Élaborées par les autorités sanitaires, ces nouvelles règles conseillent une interdiction totale d’écran pour les enfants de moins de deux ans, sauf dans le cadre d’activités partagées. Pour ceux âgés de deux à cinq ans, la limite est fixée à une heure quotidienne maximum. Autre point souligné : éviter l’usage d’écrans pendant les repas ou juste avant l’heure du coucher, moments jugés cruciaux pour le développement émotionnel et physique.

Le Premier ministre Keir Starmer a souhaité rassurer les familles : « Nous ne laisserons pas les parents mener ce combat seuls. Ils ont besoin de conseils simples et adaptés alors que la technologie évolue rapidement ». Le gouvernement entend ainsi offrir un accompagnement concret face à ce qu’il qualifie d’« informations contradictoires en ligne. »

Risques associés et exemptions encadrées

L’exécutif britannique met également en garde contre certains dangers spécifiques liés à la consommation numérique actuelle. Parmi eux, la prédominance des contenus courts et rythmés sur les réseaux sociaux ou encore l’utilisation grandissante de jouets connectés dopés à l’intelligence artificielle. Pour mieux protéger les enfants, il recommande :

  • Favoriser du contenu lent, adapté à chaque âge.
  • Privilégier la co-consommation avec un adulte.

Toutefois, certaines exceptions sont prévues. Les outils numériques conçus spécifiquement pour aider les enfants présentant des besoins éducatifs particuliers restent autorisés sous supervision.

Vers un encadrement global renforcé

Ces recommandations s’inscrivent dans une stratégie nationale plus large menée via la plateforme « Best Start in Life » et un réseau d’hubs familiaux. Dans le même temps, le gouvernement étudie l’introduction de nouveaux leviers réglementaires : limitation d’âge sur les réseaux sociaux, contrôle accru des applications utilisant l’IA, élargissement du pouvoir des régulateurs… Ce durcissement intervient alors que plusieurs géants du numérique comme Meta Platforms, Google, ou encore TikTok, se retrouvent sous le feu des critiques après avoir été pointés du doigt pour leur responsabilité dans la diffusion de contenus jugés dangereux auprès du jeune public.
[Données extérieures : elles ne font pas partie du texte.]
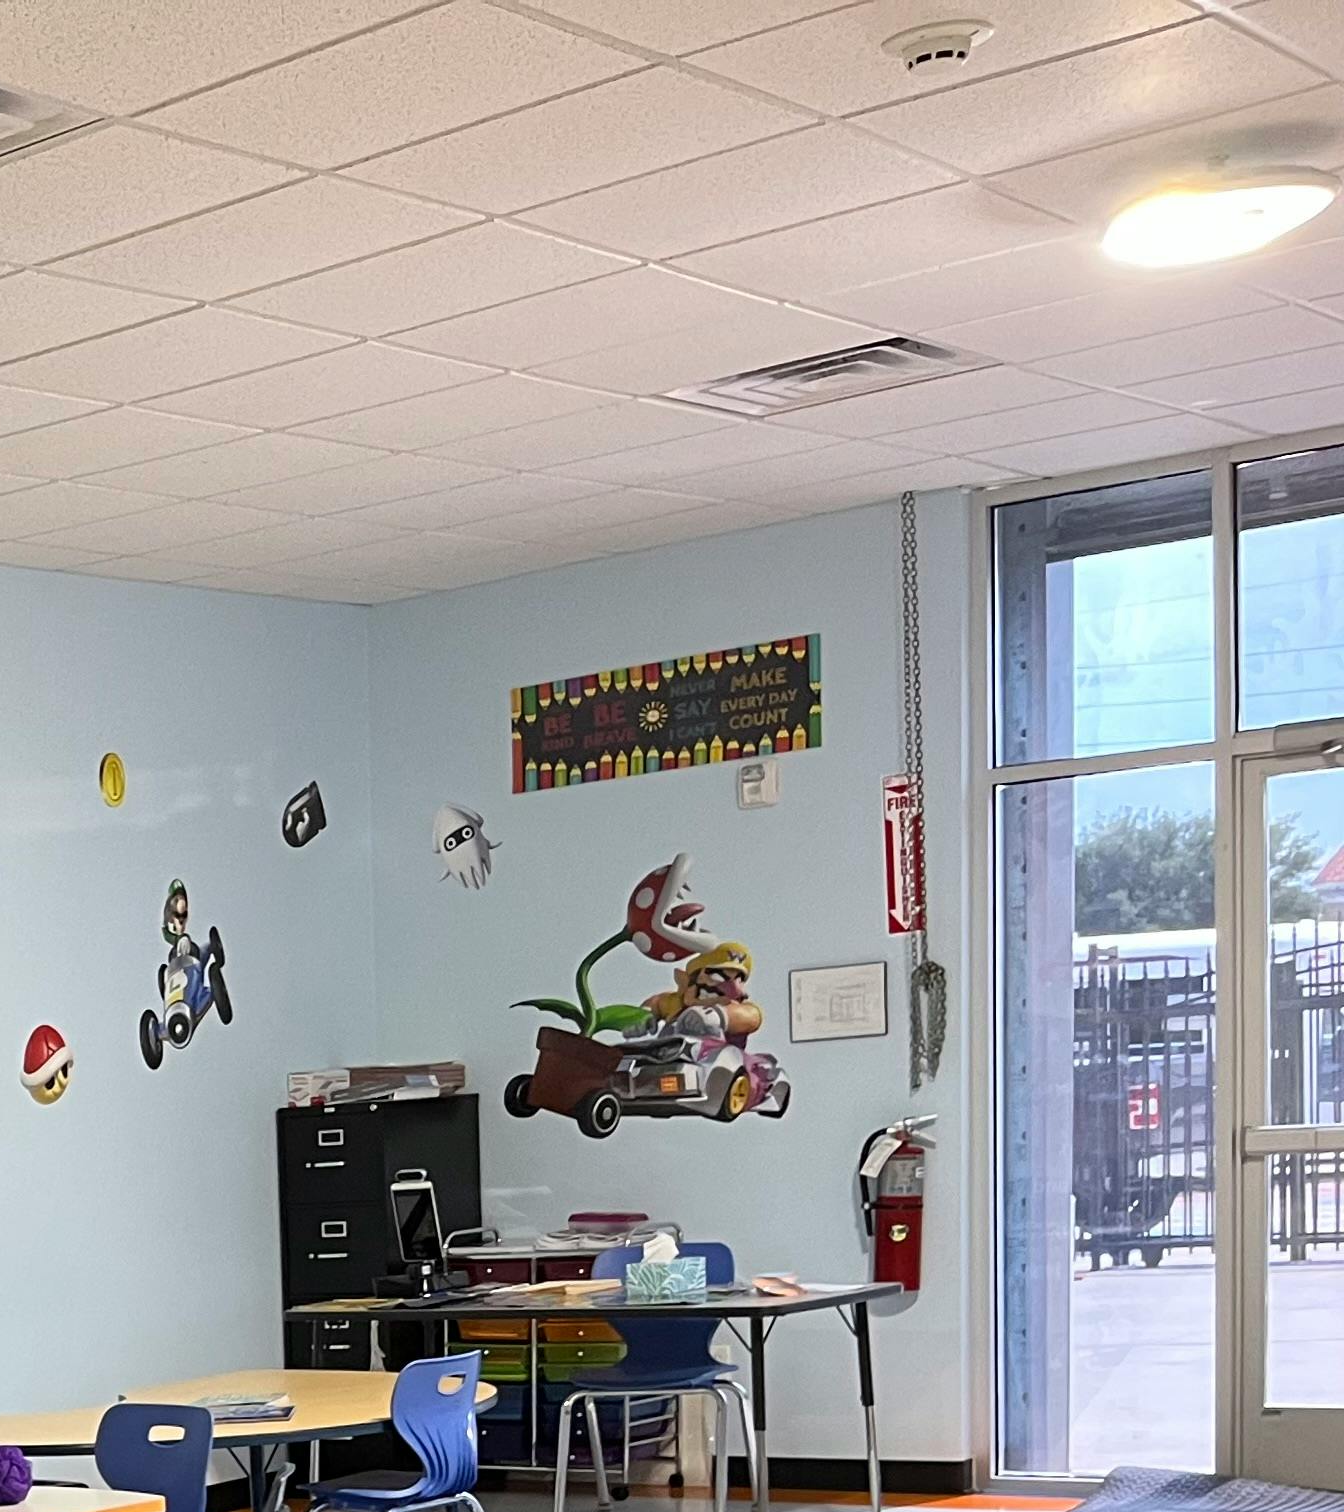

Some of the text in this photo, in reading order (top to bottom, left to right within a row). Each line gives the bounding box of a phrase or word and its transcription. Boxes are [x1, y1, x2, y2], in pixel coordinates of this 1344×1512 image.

[671, 679, 716, 697] NEVER
[730, 667, 787, 692] MAKE
[674, 698, 712, 720] SAY
[720, 688, 798, 713] EVERY DAY
[594, 700, 626, 726] BE
[729, 708, 788, 729] COUNT
[544, 713, 571, 736] BE
[584, 727, 638, 748] BRAVE
[887, 795, 916, 811] FIRE
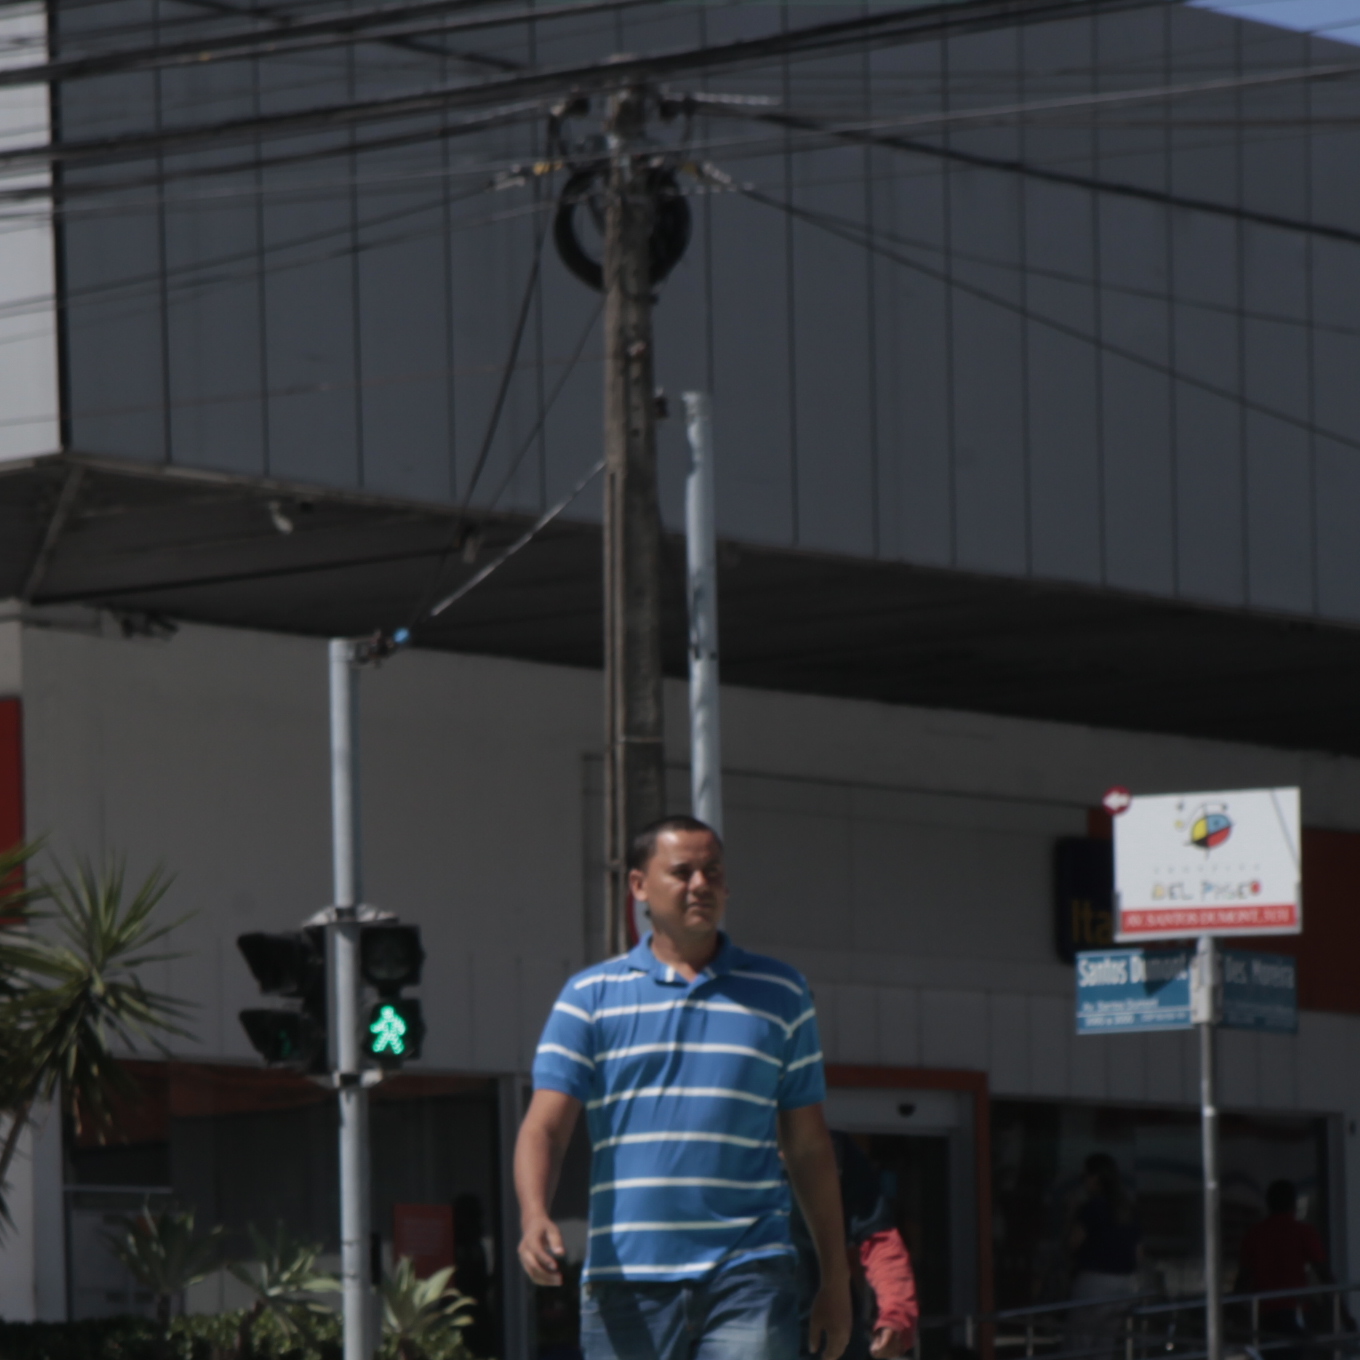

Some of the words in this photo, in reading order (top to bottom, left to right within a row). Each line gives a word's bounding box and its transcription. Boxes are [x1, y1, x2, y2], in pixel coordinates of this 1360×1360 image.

[1151, 881, 1194, 902] DEL
[1071, 896, 1114, 946] Ita
[1078, 957, 1128, 987] Santos
[1130, 953, 1188, 983] Dumont
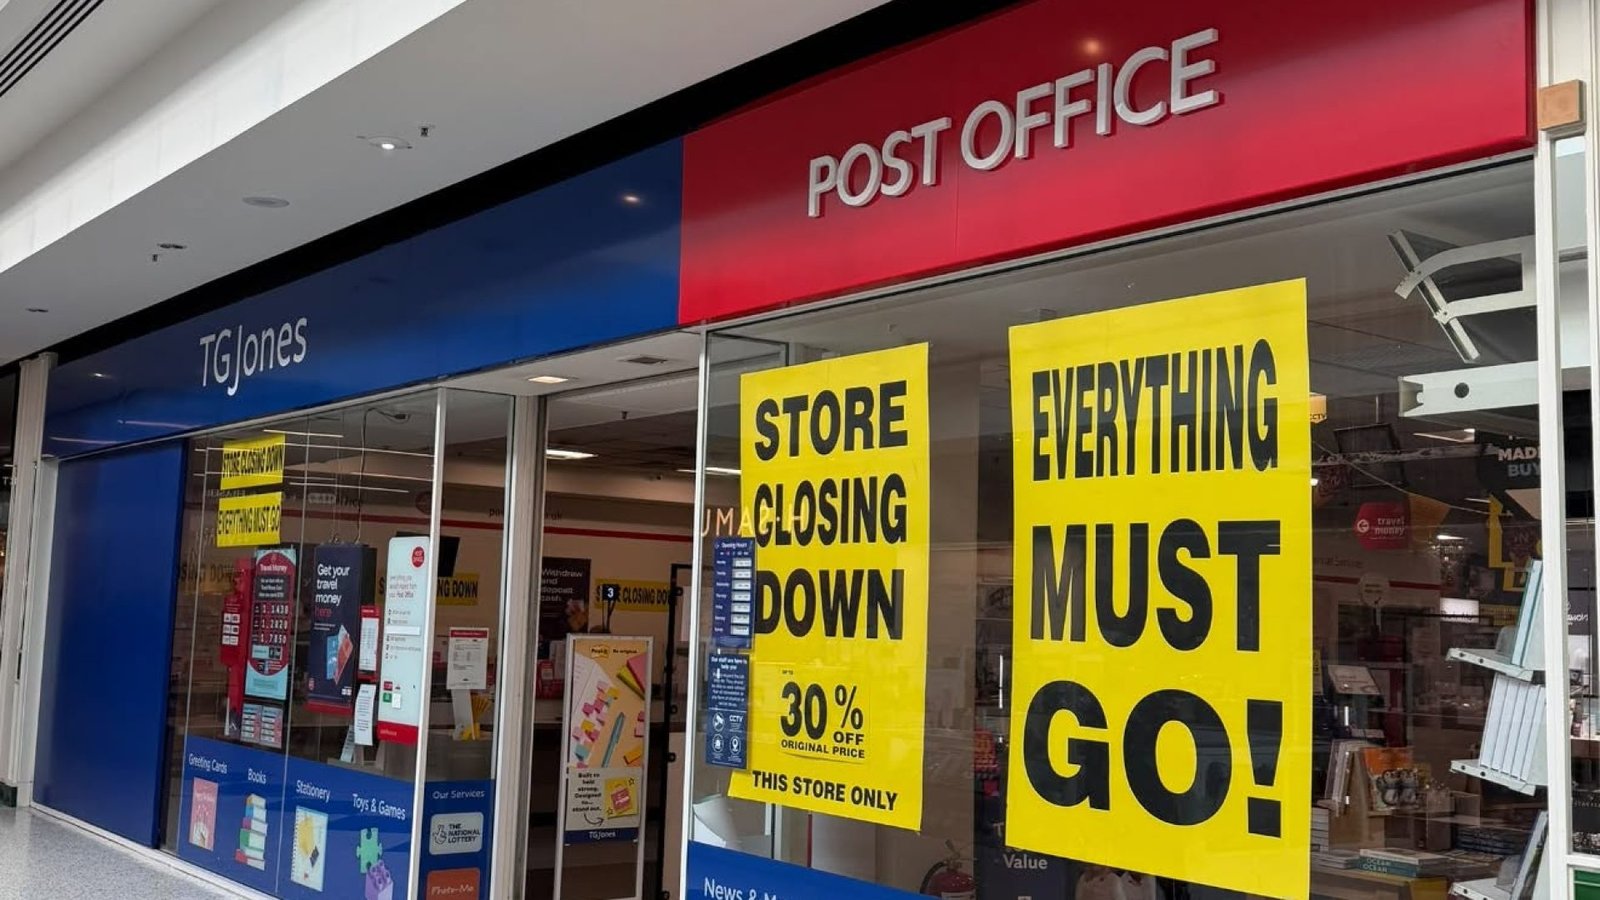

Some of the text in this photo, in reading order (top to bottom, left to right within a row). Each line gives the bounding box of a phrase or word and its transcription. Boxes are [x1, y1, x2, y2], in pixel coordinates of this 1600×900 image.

[808, 28, 1220, 218] POST OFFICE
[1032, 338, 1279, 481] EVERYTHING
[755, 380, 908, 461] STORE
[222, 443, 282, 477] STORE CLOSING DOWN
[218, 505, 280, 534] EVERYTHING MUST GO
[754, 473, 907, 547] CLOSING
[1377, 515, 1405, 525] travel
[1374, 527, 1405, 536] money
[317, 563, 350, 578] Get your
[316, 578, 338, 590] travel
[452, 580, 479, 598] DOWN
[607, 586, 614, 598] 3
[1030, 518, 1281, 652] MUST
[315, 593, 342, 607] money
[623, 587, 655, 605] CLOSING
[755, 568, 905, 641] DOWN
[729, 714, 744, 722] CCTV
[833, 731, 864, 746] OFF
[781, 739, 865, 759] ORIGINAL PRICE
[188, 753, 228, 774] Greeting Cards
[1022, 679, 1283, 839] GO!
[247, 768, 267, 785] Books
[296, 779, 331, 803] Stationery
[432, 789, 485, 799] Our Services
[752, 770, 898, 811] THIS STORE ONLY
[352, 793, 406, 821] Toys & Games
[448, 829, 480, 837] NATIONAL
[448, 836, 477, 844] LOTTERY
[1003, 854, 1048, 869] Value
[704, 876, 743, 900] News
Reste la question de l’application concrète à la maison, là où les recommandations se heurtent au quotidien. Plusieurs logiciels de contrôle parental permettent aujourd’hui d’imposer ces limites directement sur les appareils : plafonds de temps quotidiens, filtrage web adapté à l’âge et rapports d’usage. L’éditeur allemand Salfeld, présent sur ce marché depuis les années 2000 et plebicité par l’association de protection de consommateur Stiftung Warentest, propose son contrôle parental Child Control sur Windows et Android, avec la possibilité d’accorder du temps supplémentaire pour les applications éducatives.

De toute évidence, c’est une bataille qui ne fait que commencer au Royaume-Uni, mais dont l’enjeu touche désormais tous les parents confrontés aux dilemmes imposés par l’ère numérique.